A European Union of unequal reproductive rights

To enjoy sexual and reproductive rights, individuals should have unrestricted access to health services, which cater to these reproductive health needs, including access to contraception. This is not the case in every European Member State, explains Sylwia Spurek.
Photo credig: Adobe Stock

By Sylwia Spurek

Sylwia Spurek (PL, S&D) is a member of Parliament's Civil Liberties, Justice and Home Affairs committee

25 Sep 2020

Everybody should have the right to decide if, when and how to start a family, with whom as well as how many children to have – this is commonly referred to as “sexual and reproductive rights” (SRR).

SRRs touch every aspect of our lives, they concern all people in Europe and are thus rightly considered basic human rights. When governments fail in their duty to uphold these human rights, the resulting abuse (forced pregnancy, gender-based violence, lack of access to healthcare) constitute a form of violence, often disproportionately affecting women and girls, as we in the European Parliament affirmed in our resolutions of  16 January 2019.

To enjoy reproductive rights, individuals should have unrestricted access to health services, which cater to these reproductive health needs, including access to contraception.

However, research carried out by the European Parliamentary Forum for Sexual and Reproductive Rights reveals that, while most countries in the EU include affordable contraceptives and reliable online information on contraceptives in their public health policies, access to contraception remains uneven across the EU.

According to the study, contraceptive access in Poland, where I come from, ranks bottom not only in the EU27, but across all of Europe.

Moreover, under the ruling conservative Law and Justice Party, Poland’s score dropped further from the still very low score of 44 percent as a result of several recent decisions which significantly narrowed Poles’ access to reproductive health services since coming to power in 2015.

“While most countries in the EU include affordable contraceptives and reliable online information on contraceptives in their public health policies, access to contraception remains uneven across the EU”

In Poland, a prescription is necessary to access any hormonal contraception methods and they are not subsidised under public health insurance schemes.

Moreover, since 2017, women need to obtain a prescription from a doctor to access emergency contraception, thus creating an additional non-medically required administrative barrier for women to access healthcare.

Another challenge is the number of gynaecologists: there are only 11 gynaecologists per 100,000 residents and many municipalities do not have a gynaecological office at all.

In some regions of Poland there is just one gynaecological office per 27,000 women.

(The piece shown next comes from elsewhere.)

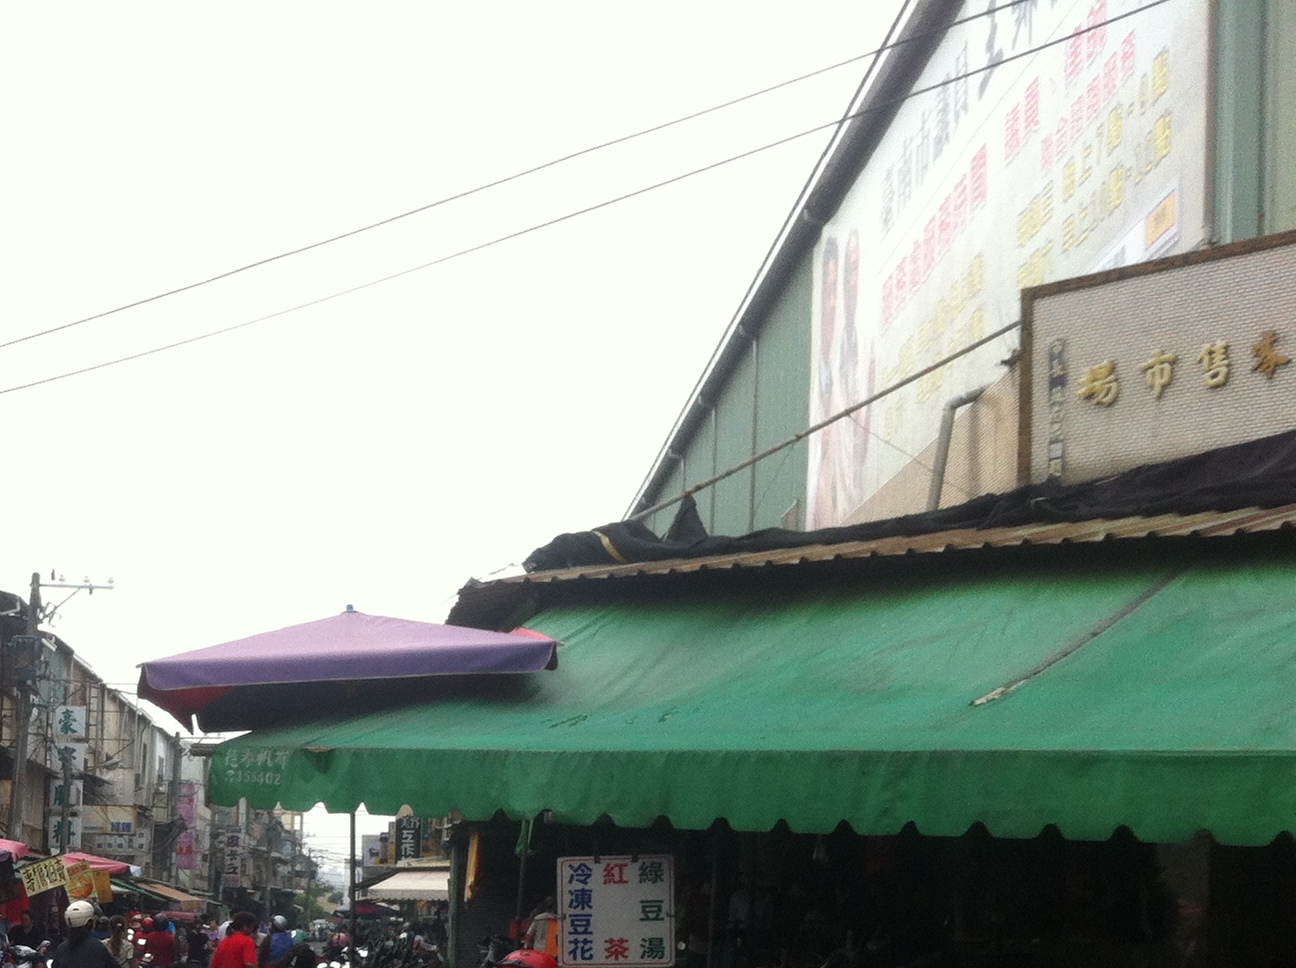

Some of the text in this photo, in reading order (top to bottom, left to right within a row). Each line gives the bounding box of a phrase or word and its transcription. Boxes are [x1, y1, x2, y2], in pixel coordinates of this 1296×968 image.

The main barriers we face in Poland are thus administrative, financial and a lack of qualified personnel.

However, women in Poland face an additional informal barrier; not only do Polish women have to find a doctor, they also have to find one who will value their opinion.

Many physicians and family doctors deny prescription requests, claiming that only specialised gynaecologists are allowed to prescribe contraceptives.

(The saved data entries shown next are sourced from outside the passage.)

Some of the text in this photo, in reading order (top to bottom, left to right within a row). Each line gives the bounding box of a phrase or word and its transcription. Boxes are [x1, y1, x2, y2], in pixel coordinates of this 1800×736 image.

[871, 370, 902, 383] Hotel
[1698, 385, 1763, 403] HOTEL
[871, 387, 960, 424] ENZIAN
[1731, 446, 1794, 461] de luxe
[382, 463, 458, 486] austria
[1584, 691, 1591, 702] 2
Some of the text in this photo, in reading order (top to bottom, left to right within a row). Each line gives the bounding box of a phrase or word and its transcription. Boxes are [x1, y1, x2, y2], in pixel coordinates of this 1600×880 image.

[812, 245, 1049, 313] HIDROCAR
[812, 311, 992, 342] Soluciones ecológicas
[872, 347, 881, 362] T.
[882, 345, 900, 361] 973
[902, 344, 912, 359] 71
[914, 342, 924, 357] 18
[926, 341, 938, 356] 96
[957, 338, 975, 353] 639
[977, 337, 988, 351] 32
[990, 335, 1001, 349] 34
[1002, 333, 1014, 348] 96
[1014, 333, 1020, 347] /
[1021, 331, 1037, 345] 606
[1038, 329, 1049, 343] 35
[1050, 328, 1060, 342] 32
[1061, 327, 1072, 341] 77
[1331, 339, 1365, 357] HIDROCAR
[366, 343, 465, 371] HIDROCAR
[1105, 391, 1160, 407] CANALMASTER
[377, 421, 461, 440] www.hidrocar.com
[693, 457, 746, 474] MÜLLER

“A ‘conscience clause’ which allows physicians to place their personal philosophical beliefs above the needs of their patient, results in numerous gynaecologists refusing to perform a termination of pregnancy according to the already limited conditions permitted by Polish law”

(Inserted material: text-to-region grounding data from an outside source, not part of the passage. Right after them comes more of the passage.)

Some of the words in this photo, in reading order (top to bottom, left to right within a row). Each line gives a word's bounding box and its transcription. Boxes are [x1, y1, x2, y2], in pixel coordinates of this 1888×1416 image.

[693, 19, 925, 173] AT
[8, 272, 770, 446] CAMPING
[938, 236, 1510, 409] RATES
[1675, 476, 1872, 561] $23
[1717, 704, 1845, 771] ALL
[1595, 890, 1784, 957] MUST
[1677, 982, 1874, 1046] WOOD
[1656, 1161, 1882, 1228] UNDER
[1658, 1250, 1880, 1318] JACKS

Moreover, some pharmacies intentionally refuse to sell contraception and many do not maintain an adequate stock of contraceptives.

In addition, a “conscience clause” which allows physicians to place their personal philosophical beliefs above the needs of their patient, results in numerous gynaecologists refusing to perform a termination of pregnancy according to the already limited conditions permitted by Polish law.

Finally, the challenges are even more pronounced for adolescent girls, who are legally required to be accompanied by a parent when consulting a doctor, the absence of which may lead the physician to turn down the consultation and any related information and services.

As Europe copes with the COVID-19 pandemic, there are many lessons to be learned, both good and bad, about access to reproductive health.

While the initial response of governments calling for ‘lockdowns’ on very short notice resulted in severe deterioration of access to sexual and reproductive health services (for example: lack of access to medical consultations, medically unjustified refusal of a prescription for prolonging permanent contraception or emergency contraception, technical problems issuing e-prescriptions, high prices, no substitutes, shortages in pharmacies and long delays for ordered contraceptives ), the response by some governments has been exemplary.

For example, France, Ireland and the UK introduced legislation to increase access to emergency contraception and medical abortion such as enabling the use of telemedicine. This proves that when governments listen to women, solutions to their needs are within reach, even in such trying times as we are currently experiencing.

“When governments listen to women, solutions to their needs are within reach, even in such trying times as we are currently experiencing”

Thus, while we are justifiably proud of the social progress we have made in the European Union, resulting in our region having among the highest standards of living in the world, there remains unfinished work in some key areas.

The Contraception Atlas shows us that the answers are within our reach as we can see and learn from positive examples from across the EU.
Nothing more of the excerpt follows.